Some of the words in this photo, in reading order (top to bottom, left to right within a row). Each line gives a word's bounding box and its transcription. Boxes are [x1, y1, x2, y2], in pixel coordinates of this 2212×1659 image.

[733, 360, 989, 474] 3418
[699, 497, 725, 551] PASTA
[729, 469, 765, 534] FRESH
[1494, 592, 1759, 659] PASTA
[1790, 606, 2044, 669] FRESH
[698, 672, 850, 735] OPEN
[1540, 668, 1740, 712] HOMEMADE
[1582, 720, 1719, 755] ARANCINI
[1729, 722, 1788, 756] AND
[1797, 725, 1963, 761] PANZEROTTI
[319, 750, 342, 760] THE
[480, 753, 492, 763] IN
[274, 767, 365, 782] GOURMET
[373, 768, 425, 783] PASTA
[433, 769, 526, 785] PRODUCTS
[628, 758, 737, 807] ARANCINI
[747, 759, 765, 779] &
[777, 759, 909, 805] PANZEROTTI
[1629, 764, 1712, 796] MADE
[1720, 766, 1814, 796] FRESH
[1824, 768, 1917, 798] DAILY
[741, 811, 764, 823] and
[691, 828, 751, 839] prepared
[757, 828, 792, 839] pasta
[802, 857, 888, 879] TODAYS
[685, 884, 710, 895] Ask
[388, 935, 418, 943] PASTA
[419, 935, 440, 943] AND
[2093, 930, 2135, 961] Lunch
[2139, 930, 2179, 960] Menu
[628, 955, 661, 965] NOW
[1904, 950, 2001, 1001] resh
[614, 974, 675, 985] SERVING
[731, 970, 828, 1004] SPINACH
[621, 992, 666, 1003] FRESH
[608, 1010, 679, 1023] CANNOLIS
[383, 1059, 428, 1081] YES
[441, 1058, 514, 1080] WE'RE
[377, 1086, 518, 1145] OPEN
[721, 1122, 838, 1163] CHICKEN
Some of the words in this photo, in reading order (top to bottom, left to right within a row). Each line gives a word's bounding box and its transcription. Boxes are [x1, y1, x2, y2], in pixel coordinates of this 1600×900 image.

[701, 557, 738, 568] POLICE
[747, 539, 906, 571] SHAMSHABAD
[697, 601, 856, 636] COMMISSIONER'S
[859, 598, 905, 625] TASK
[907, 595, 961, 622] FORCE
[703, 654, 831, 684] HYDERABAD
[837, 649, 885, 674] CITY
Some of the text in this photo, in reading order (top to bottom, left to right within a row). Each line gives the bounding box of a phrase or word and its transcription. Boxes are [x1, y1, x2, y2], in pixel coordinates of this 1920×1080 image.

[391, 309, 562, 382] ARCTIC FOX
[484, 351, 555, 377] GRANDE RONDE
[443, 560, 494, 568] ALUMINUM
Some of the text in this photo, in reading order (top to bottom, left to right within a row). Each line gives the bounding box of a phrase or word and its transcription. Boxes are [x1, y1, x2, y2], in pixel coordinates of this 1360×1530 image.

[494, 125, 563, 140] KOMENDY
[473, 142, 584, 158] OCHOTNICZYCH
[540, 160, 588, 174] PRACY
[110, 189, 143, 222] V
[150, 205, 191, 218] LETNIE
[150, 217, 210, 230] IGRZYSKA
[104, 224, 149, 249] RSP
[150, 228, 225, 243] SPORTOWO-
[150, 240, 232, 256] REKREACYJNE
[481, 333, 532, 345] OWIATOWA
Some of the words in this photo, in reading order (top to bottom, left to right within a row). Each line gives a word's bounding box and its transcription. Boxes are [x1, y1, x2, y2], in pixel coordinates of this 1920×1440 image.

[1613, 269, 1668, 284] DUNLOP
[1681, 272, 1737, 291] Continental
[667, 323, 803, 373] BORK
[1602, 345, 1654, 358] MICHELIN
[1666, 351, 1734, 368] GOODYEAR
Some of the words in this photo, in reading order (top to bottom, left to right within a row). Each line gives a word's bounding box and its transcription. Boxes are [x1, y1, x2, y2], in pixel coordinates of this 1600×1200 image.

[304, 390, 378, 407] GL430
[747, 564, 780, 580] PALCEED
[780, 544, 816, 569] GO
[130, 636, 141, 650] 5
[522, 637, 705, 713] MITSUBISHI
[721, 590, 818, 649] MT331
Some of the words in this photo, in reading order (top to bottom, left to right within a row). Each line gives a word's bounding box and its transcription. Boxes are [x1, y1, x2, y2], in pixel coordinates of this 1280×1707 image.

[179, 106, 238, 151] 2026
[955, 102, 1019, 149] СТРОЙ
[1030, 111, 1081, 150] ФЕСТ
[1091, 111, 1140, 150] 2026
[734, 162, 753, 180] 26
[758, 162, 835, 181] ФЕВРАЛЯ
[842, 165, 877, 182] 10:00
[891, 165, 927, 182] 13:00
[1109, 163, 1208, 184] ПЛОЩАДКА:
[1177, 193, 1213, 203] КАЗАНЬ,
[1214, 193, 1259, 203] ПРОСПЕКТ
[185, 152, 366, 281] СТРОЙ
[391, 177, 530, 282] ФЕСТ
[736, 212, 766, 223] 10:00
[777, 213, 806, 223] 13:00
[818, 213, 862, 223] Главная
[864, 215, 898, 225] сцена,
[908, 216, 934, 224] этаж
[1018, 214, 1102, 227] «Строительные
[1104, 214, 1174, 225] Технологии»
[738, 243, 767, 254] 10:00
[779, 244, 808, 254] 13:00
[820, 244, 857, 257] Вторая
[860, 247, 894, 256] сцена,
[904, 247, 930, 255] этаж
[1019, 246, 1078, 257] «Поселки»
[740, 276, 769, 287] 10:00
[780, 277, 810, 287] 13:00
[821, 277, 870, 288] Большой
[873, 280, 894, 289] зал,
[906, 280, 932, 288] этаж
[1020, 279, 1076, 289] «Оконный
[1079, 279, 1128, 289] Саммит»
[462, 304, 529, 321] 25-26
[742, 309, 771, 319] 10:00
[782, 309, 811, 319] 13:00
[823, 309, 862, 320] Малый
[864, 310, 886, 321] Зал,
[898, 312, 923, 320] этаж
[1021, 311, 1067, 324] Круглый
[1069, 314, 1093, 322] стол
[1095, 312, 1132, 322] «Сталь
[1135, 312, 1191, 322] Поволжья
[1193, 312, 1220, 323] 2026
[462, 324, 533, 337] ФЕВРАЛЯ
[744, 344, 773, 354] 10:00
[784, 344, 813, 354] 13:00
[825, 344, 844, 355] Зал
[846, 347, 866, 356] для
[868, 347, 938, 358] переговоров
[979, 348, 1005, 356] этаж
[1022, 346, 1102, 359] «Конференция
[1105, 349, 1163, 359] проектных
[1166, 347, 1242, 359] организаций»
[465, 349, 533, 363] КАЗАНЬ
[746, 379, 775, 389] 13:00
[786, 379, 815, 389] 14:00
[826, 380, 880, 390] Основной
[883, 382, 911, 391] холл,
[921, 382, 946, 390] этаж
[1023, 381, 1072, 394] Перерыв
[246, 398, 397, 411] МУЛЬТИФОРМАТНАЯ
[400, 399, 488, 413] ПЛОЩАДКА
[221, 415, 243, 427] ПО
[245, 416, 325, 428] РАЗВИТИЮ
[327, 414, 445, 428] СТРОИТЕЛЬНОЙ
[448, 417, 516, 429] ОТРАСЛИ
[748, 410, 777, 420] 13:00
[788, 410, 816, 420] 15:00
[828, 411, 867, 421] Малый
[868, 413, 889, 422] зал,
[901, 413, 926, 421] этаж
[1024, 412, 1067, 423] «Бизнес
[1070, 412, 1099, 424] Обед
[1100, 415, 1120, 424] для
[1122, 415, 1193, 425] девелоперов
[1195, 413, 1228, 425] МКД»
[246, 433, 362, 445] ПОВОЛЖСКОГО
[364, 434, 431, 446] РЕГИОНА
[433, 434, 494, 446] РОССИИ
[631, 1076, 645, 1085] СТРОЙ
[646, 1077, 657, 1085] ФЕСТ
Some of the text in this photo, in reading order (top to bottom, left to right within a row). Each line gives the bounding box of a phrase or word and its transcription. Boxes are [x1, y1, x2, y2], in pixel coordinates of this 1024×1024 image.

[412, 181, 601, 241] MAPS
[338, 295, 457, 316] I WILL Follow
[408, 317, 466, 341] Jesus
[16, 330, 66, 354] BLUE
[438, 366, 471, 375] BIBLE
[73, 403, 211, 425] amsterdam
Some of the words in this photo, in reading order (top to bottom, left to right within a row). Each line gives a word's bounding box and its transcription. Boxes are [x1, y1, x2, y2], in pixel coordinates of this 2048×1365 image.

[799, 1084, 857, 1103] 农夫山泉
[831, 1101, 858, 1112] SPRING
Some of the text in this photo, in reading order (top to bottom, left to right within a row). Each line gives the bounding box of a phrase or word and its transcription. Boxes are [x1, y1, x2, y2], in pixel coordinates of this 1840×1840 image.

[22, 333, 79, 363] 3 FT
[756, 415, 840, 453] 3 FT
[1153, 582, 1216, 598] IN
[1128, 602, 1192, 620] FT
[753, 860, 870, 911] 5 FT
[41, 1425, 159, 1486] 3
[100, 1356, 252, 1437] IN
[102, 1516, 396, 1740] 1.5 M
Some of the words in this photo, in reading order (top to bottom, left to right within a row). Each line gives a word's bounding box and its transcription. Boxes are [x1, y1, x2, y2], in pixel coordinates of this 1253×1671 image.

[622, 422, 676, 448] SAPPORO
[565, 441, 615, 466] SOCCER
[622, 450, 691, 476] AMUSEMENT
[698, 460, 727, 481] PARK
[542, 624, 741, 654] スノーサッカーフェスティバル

▸ Exercise goal
Please print exactly the lines from the one containing "this 2048×1365 image." through the last line of the material.

▸ Final answer
Some of the words in this photo, in reading order (top to bottom, left to right within a row). Each line gives a word's bounding box and its transcription. Boxes are [x1, y1, x2, y2], in pixel coordinates of this 2048×1365 image.

[799, 1084, 857, 1103] 农夫山泉
[831, 1101, 858, 1112] SPRING
Some of the text in this photo, in reading order (top to bottom, left to right within a row). Each line gives the bounding box of a phrase or word and its transcription. Boxes are [x1, y1, x2, y2], in pixel coordinates of this 1840×1840 image.

[22, 333, 79, 363] 3 FT
[756, 415, 840, 453] 3 FT
[1153, 582, 1216, 598] IN
[1128, 602, 1192, 620] FT
[753, 860, 870, 911] 5 FT
[41, 1425, 159, 1486] 3
[100, 1356, 252, 1437] IN
[102, 1516, 396, 1740] 1.5 M
Some of the words in this photo, in reading order (top to bottom, left to right within a row). Each line gives a word's bounding box and its transcription. Boxes are [x1, y1, x2, y2], in pixel coordinates of this 1253×1671 image.

[622, 422, 676, 448] SAPPORO
[565, 441, 615, 466] SOCCER
[622, 450, 691, 476] AMUSEMENT
[698, 460, 727, 481] PARK
[542, 624, 741, 654] スノーサッカーフェスティバル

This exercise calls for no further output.